Protestors blocked main intersections in the Yugoslav capital Monday and brought economic activity to a stop in other towns as an opposition-led general strike to force President Slobodan Milosevic from power took hold.
In the capital, public transport workers were joined by garbage collectors as trams, buses and garbage trucks blocked key routes, forcing early morning commuters to walk to work in strong winds and pouring rain.
Hundreds of opposition supporters formed a human barricade on the main avenue leading to the city center at the start of a bid to force Milosevic to concede defeat in the September 24 presidential election.

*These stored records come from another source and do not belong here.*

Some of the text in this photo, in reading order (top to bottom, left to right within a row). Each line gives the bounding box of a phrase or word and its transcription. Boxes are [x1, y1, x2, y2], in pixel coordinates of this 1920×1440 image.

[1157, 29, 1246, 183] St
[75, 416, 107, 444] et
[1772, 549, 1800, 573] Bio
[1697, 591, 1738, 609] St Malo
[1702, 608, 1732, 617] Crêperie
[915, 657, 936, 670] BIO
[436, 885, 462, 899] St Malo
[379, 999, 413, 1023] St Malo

Belgrade students were planning to gather for a protest outside the main university at noon.
The country's main north-south railway line between Belgrade and Bar was also cut off by protestors at Pozega and coalmining ground to a halt at two key centers.

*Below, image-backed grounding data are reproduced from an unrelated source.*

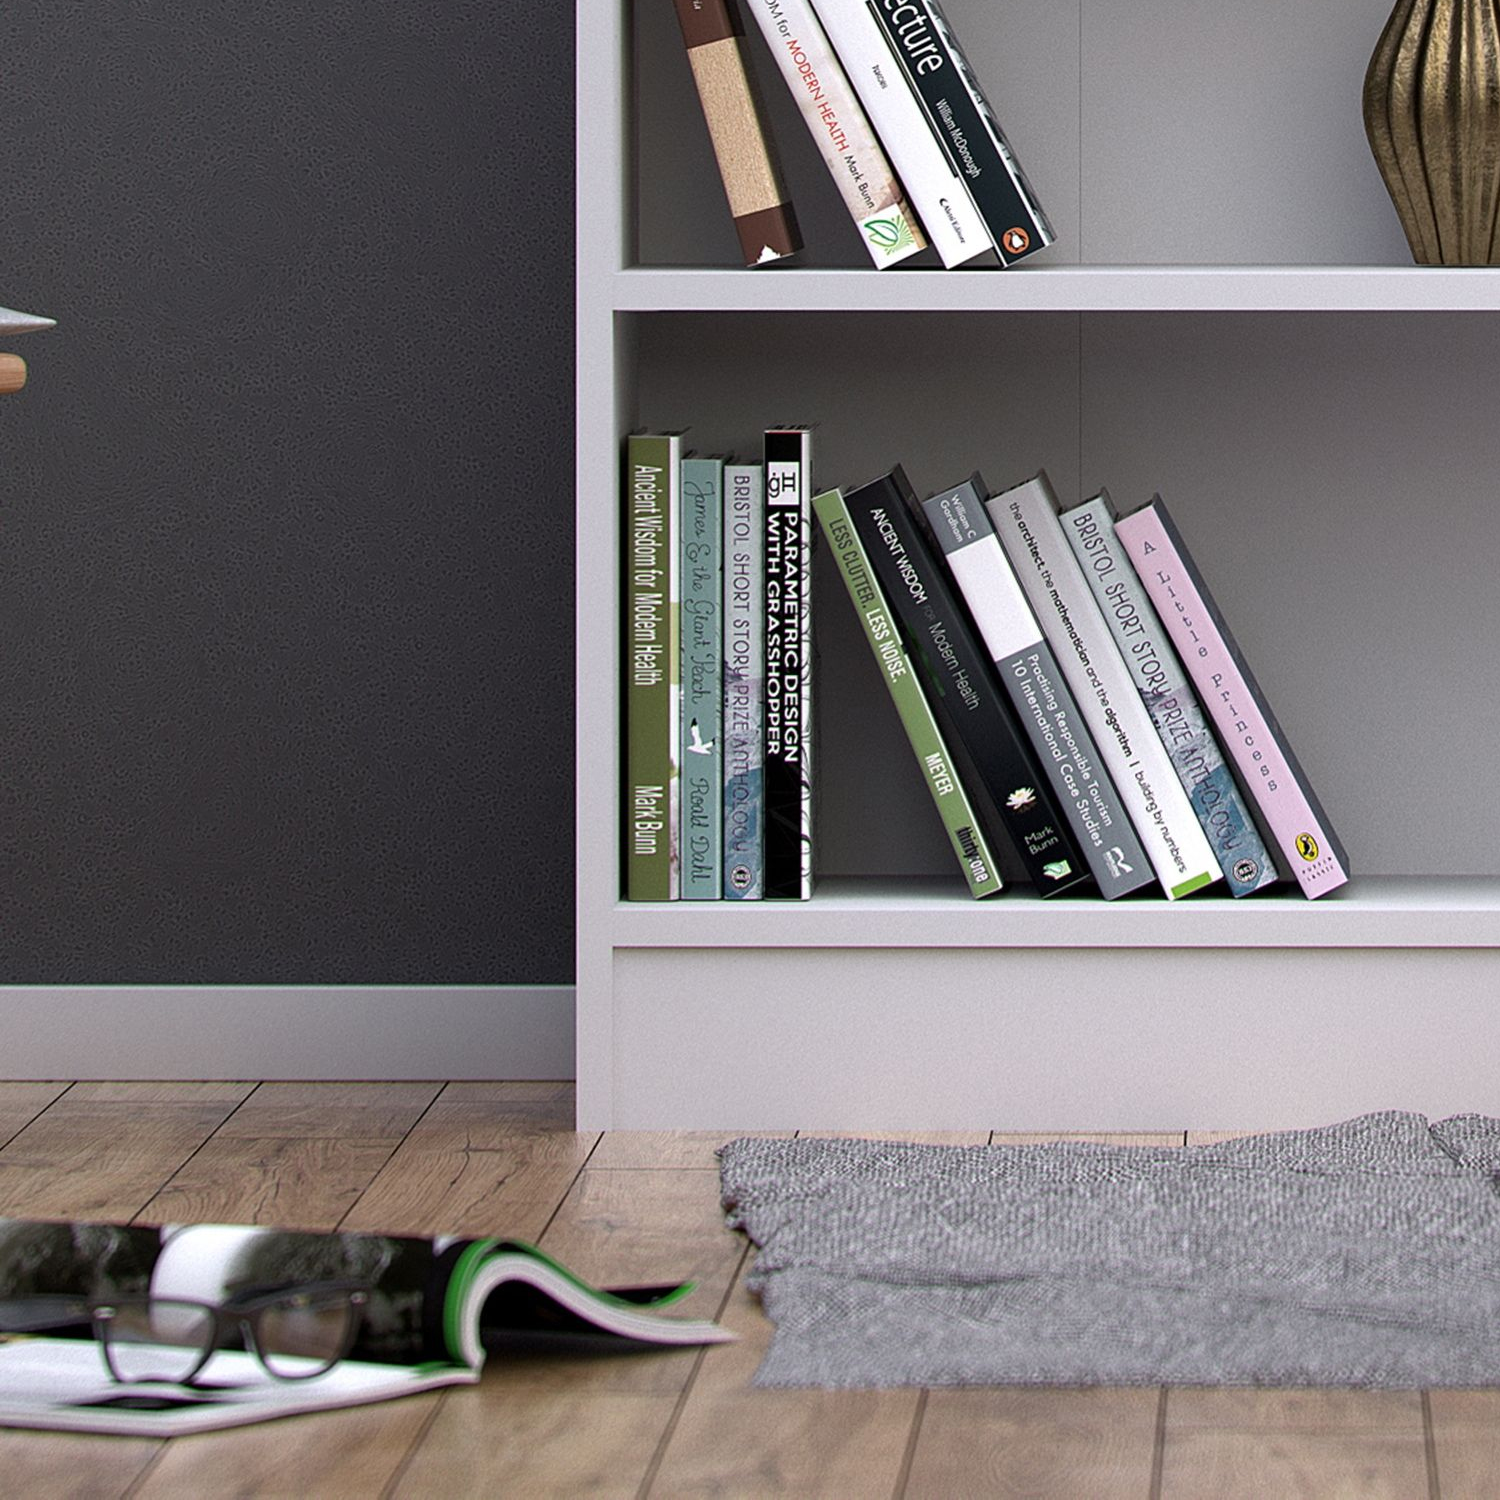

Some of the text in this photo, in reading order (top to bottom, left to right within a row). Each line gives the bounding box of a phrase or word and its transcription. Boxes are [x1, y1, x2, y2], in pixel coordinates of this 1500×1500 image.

[776, 19, 790, 37] for
[786, 39, 824, 101] MODERN
[817, 101, 849, 151] HEALTH
[935, 98, 981, 178] William McDonough
[844, 155, 874, 208] Mark Bunn
[733, 475, 750, 545] BRISTOL
[940, 499, 963, 542] Gardham
[951, 493, 976, 538] William C
[634, 464, 663, 685] Ancient Wisdom for Modern Health
[683, 480, 715, 704] James & the Giant Peach
[732, 552, 750, 611] SHORT
[828, 517, 906, 682] LESS CLUTTER. LESS NOISE.
[870, 508, 979, 710] ANCIENT WISDOM FOR Modern Health
[731, 618, 749, 678] STORY
[767, 511, 780, 754] WITH GRASSHOPPER
[784, 512, 798, 761] PARAMETRIC DESIGN
[1009, 502, 1132, 757] the architect, the mathematician and the algorithm
[1073, 512, 1241, 850] BRISTOL SHORT STORY PRIZE ANTHOLOGY
[1144, 540, 1156, 555] A
[1211, 673, 1277, 788] Princess
[732, 684, 749, 730] PRIZE
[1011, 659, 1102, 846] 10 International Case Studies
[1027, 653, 1057, 710] Practising
[1054, 710, 1091, 779] Responsible
[1087, 780, 1112, 826] Tourism
[634, 785, 663, 853] Mark Bunn
[731, 736, 749, 851] ANTHOLOGY
[924, 752, 953, 795] MEYER
[1134, 770, 1186, 873] building by numbers
[689, 777, 713, 883] Roald Dahl
[1024, 826, 1053, 844] Mark
[1028, 836, 1058, 854] Bunn

In the first reported signs of a crackdown, Milosevic dismissed the Serbian state security chief Rade Markovic as part of a purge of security officials ahead of the general strike, Montenegro's Vijesti newspaper reported.
Markovic was replaced at the weekend by Belgrade's ambassador to Macedonia, Zoran Janackovic, the daily reported Monday, quoting high-level Serbian police sources.
The report could not be independently confirmed.
Both Vijesti and the independent Belgrade daily Glas Javnosti reported that the commander of special police units, General Zivko Trajkovic, had also been sacked.
Vijesti said Milosevic launched a purge of police top brass ahead of possible confrontations between security forces and protestors who launched a general strike Monday.
There was no sign of an immediate police crackdown in the streets.
Meanwhile, several hundred miners early Monday joined some 200 colleagues who downed tools at the country's biggest coalmine at Kolubara last Friday.
The complex supplies Serbia's main coal-run power stations, including the Nikola Tesla plant, the source of Belgrade's electricity supply.
Serbia's state electricity company, EPS, has called on the strikers to resume work as their action would lead to power shortages.
The nearby town of Lazarevac has suffered a power blackout since Sunday evening, the independent news agency Beta reported Monday. A local daily has reported that some 4,500 miners at the Kostolac coalmine were also on strike.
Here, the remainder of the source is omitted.